Max-min problem not approximable when scenarios are part of input.

Min-max regret problem approximable within factor K.

Interval uncertainty min-max regret problem is NP-hard and 2-approximable.

Abstract

This paper deals with the max-min and min-max regret versions of the maximum weighted independent set problem on interval graphswith uncertain vertex weights. Both problems have been recently investigated by Nobibon and Leus (2014), who showed that they are NP-hard for two scenarios and strongly NP-hard if the number of scenarios is a part of the input. In this paper, new complexity and approximation results on the problems under consideration are provided, which extend the ones previously obtained.

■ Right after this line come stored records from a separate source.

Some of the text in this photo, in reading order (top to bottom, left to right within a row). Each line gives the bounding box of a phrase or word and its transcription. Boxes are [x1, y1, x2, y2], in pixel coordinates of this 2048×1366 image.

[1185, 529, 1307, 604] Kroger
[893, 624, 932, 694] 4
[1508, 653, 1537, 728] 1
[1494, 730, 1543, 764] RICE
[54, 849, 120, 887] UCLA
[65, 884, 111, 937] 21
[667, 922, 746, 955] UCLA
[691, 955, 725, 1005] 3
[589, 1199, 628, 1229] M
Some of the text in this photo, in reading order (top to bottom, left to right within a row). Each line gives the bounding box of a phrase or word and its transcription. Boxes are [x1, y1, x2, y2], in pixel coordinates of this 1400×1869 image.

Namely, for the discrete scenario uncertainty representation it is proven that if the number of scenarios $K$ is a part of the input, then the max-min version of the problem is not at all approximable. On the other hand, its min-max regret version is approximable within $K$ and not approximable within $O(\log^{1-\epsilon}K)$ for any $\epsilon>0$ unless the problems in NP have quasi polynomial algorithms. Furthermore, for the interval uncertainty representation it is shown that the min-max regret version is NP-hard and approximable within 2.